Ästhetik als Vermittlung, Bild: Umschlag.

Was können heute Künstler, Philosophen, Literaten und Wissenschaftler für ihre Mitmenschen leisten? Unbestritten können sie einzelne, für das Alltagsleben bedeutsame Erfindungen, Gedanken und Werke schaffen. Aber die Vielzahl dieser einzelnen bedeutsamen Werke stellt heute gerade ein entscheidendes Problem dar: Wie soll man mit der Vielzahl fertig werden?

Das Publikum verlangt zu Recht, daß man ihm nicht nur Einzelresultate vorsetzt, sondern beispielhaft vorführt, wie denn ein Einzelner noch den Anforderungen von Berufs- und Privatleben in so unterschiedlichen Problemstellungen wie Mode und Erziehung, Umweltgestaltung und Werbung, Tod und Geschichtsbewußtsein, Kunstgenuß und politischer Forderung gerecht werden kann, ohne als Subjekt, als Persönlichkeit hinter den Einzelproblemen zu verschwinden.

Bazon Brock gehört zu denjenigen, die nachhaltig versuchen, diesen Anspruch des Subjekts, den Anspruch der Persönlichkeit vor den angeblich so übermächtigen Institutionen, gesellschaftlichen Strukturen, historischen Entwicklungstendenzen in seinem Werk und seinem öffentlichen Wirken aufrechtzuerhalten.
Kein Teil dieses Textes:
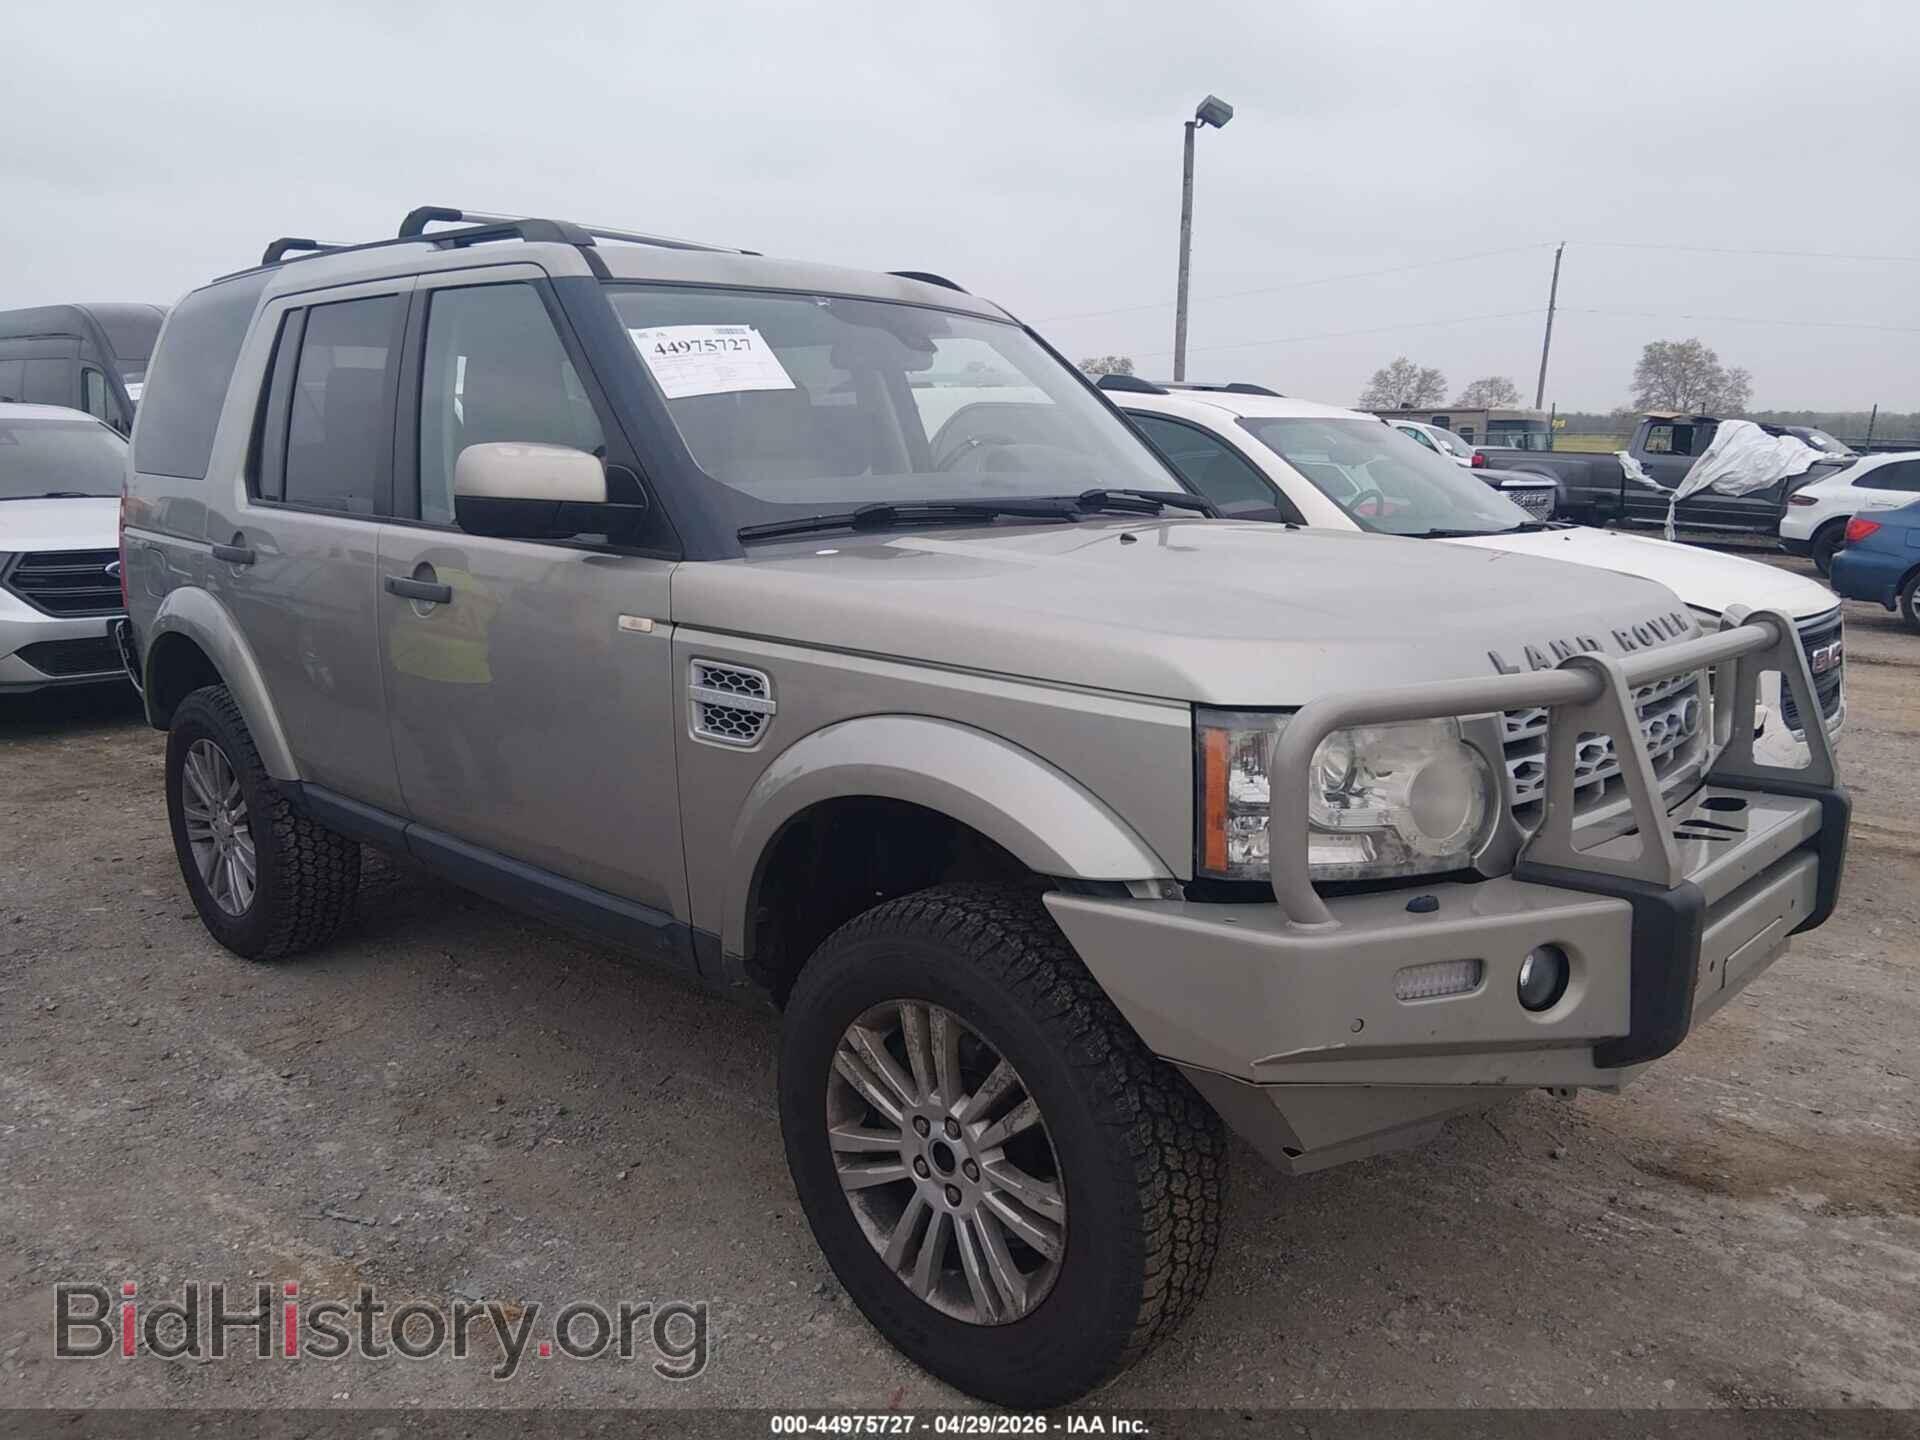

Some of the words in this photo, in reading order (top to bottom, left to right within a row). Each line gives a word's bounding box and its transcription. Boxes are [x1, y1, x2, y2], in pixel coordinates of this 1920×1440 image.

[654, 337, 751, 355] 44975727
[1487, 634, 1604, 674] LAND
[1611, 611, 1690, 652] ROVER
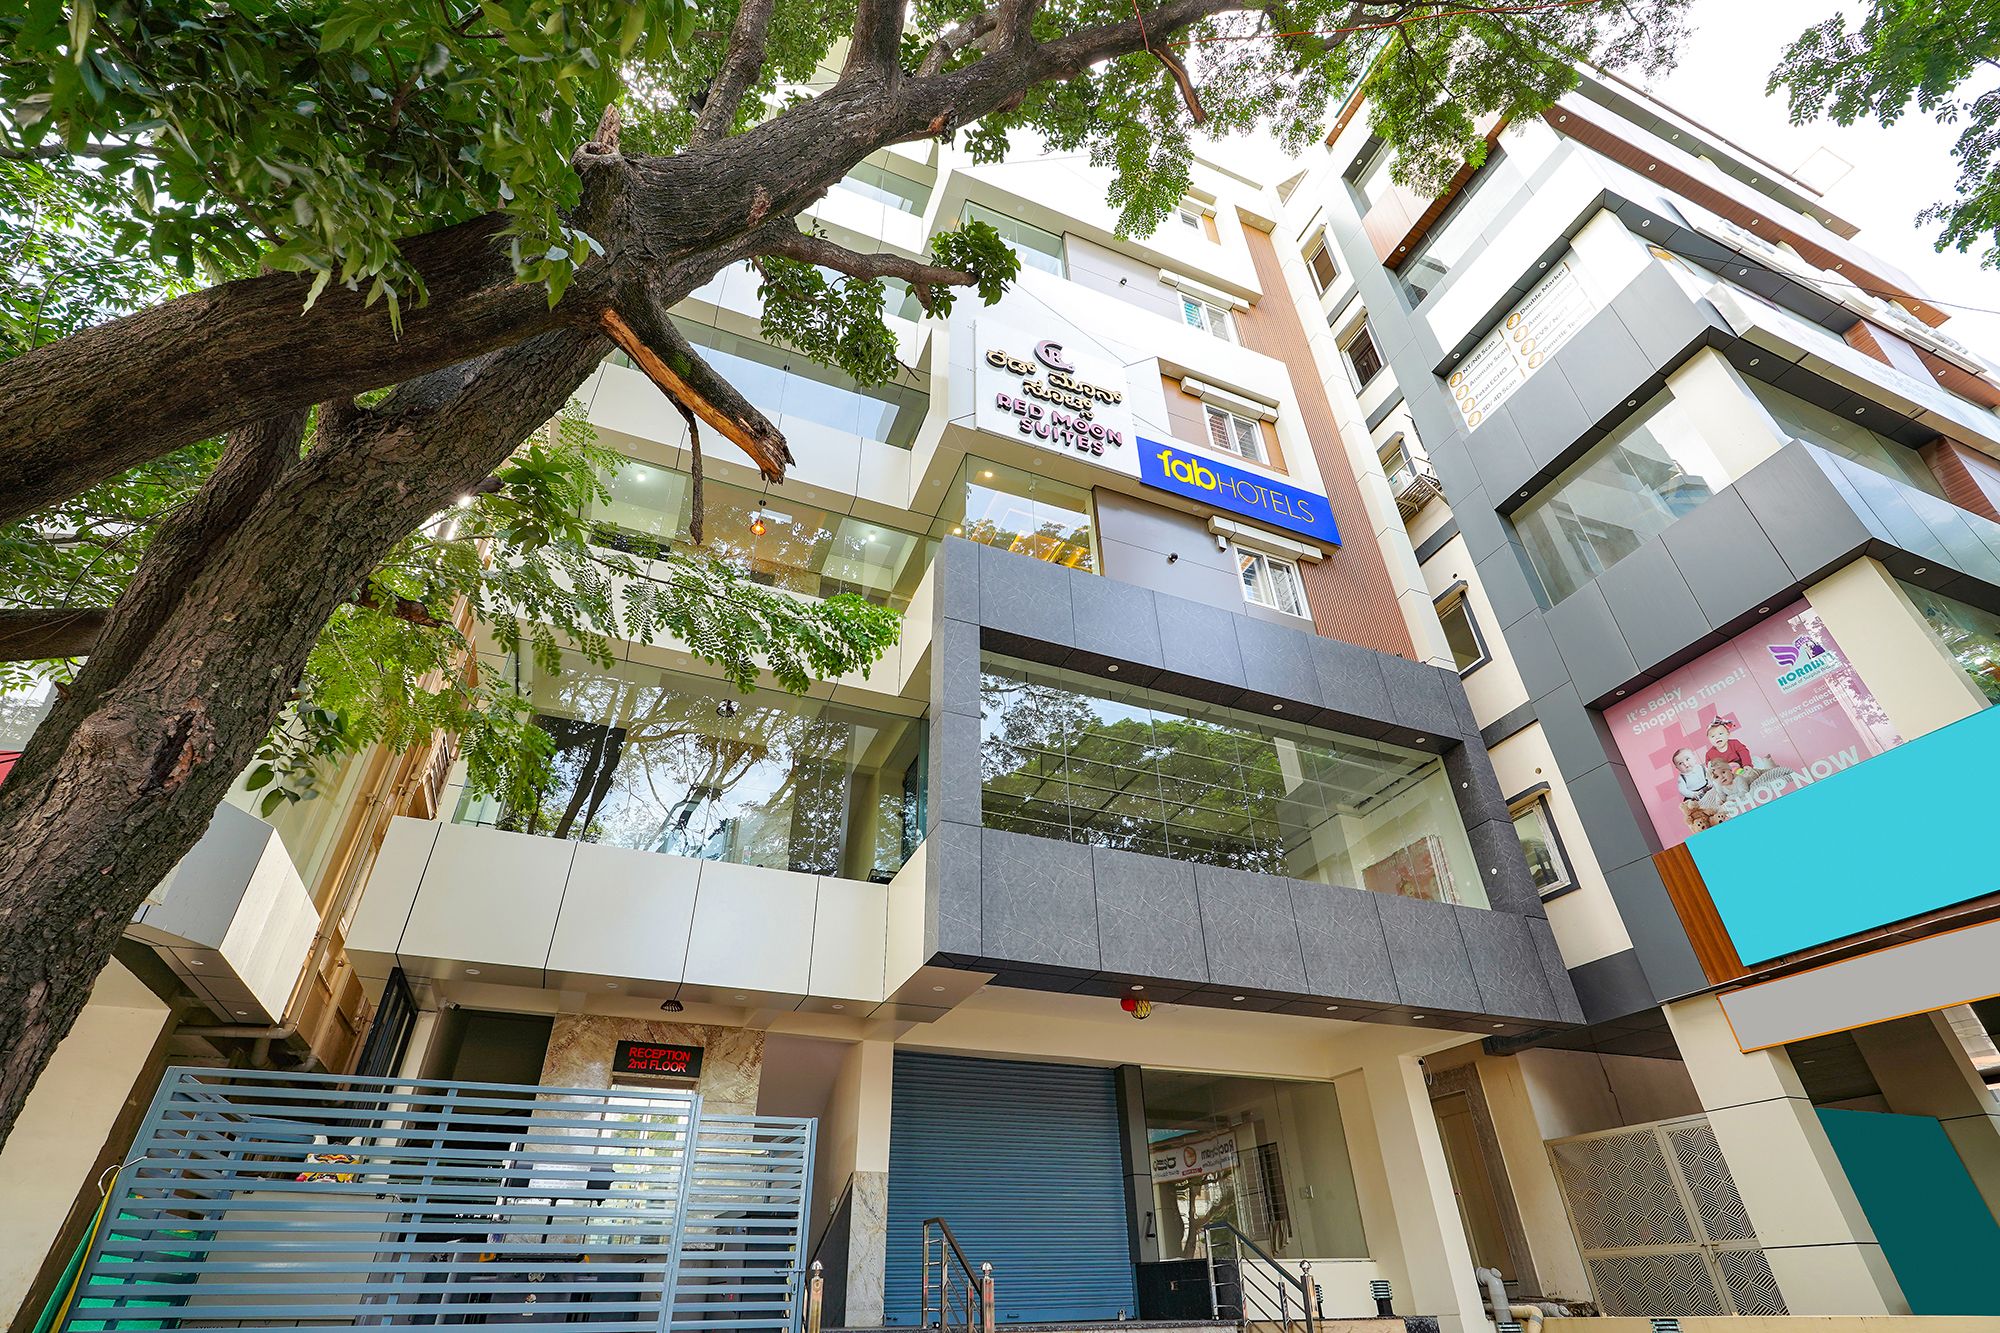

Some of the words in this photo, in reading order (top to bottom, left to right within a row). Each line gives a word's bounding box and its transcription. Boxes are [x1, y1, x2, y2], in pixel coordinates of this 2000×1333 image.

[1542, 268, 1566, 293] Marker
[1535, 325, 1549, 341] CVS
[1481, 340, 1496, 355] Scan
[1494, 347, 1508, 361] Scan
[1502, 379, 1517, 394] Scan
[996, 392, 1045, 420] RED
[1052, 410, 1123, 447] MOON
[1019, 416, 1104, 456] SUITES
[1778, 652, 1837, 687] HORNBI
[1632, 696, 1698, 736] Shopping
[1696, 667, 1746, 700] Time!!
[1648, 687, 1682, 712] Baby
[1784, 704, 1824, 726] Premium
[1723, 778, 1788, 818] SHOP
[1789, 745, 1861, 789] NOW
[628, 1058, 647, 1070] 2nd
[649, 1060, 686, 1072] FLOOR
[629, 1047, 691, 1062] RECEPTION
Dieser Anspruch auf Beispielhaftigkeit eines Einzelnen in Werk und Wirken ist nicht zu verwechseln mit narzißtischer Selbstbespiegelung. Denn:

  1. Auch objektives Wissen kann nur durch einzelne Subjekte vermittelt werden.
  2. Die integrative Kraft des exemplarischen Subjekts zeigt sich in der Fähigkeit, Lebensformen anzubieten, d.h. denkend und gestaltend den Anspruch des Subjekts auf einen Lebenszusammenhang durchzusetzen.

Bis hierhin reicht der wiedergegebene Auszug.